Directions
Skip the pictures and repeat each line of the data exactly.

Given data
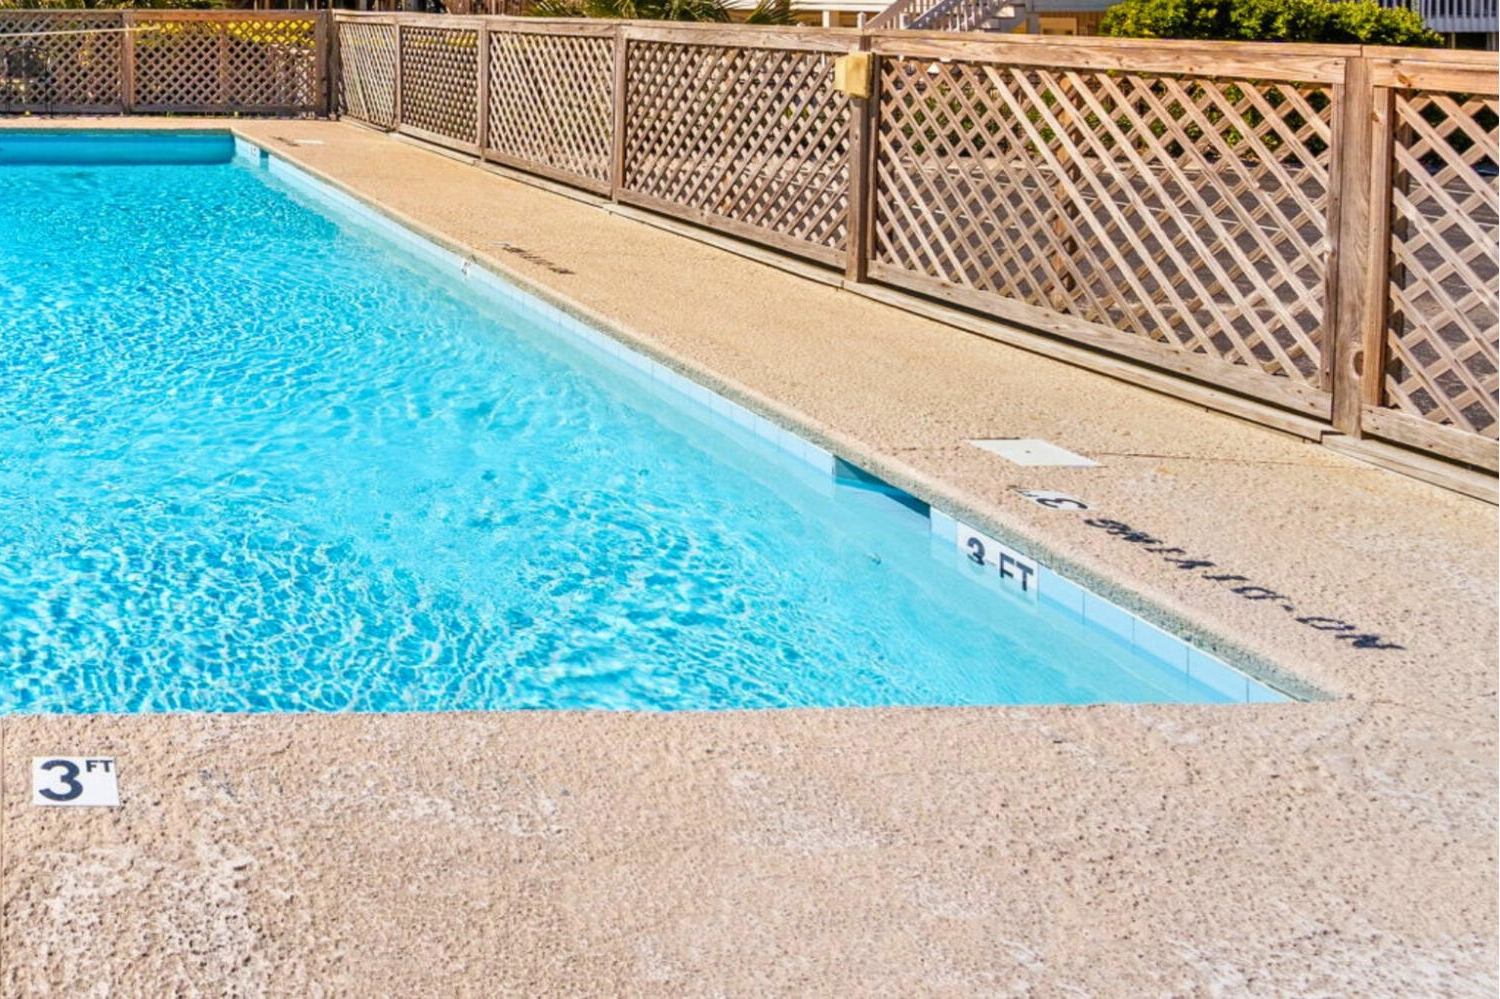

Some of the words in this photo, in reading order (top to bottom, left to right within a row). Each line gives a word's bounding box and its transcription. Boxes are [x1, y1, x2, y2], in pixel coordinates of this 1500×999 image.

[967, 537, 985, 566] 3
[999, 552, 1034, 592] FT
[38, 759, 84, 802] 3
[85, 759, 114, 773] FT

Solution to this exercise
Some of the words in this photo, in reading order (top to bottom, left to right within a row). Each line gives a word's bounding box and its transcription. Boxes are [x1, y1, x2, y2], in pixel coordinates of this 1500×999 image.

[967, 537, 985, 566] 3
[999, 552, 1034, 592] FT
[38, 759, 84, 802] 3
[85, 759, 114, 773] FT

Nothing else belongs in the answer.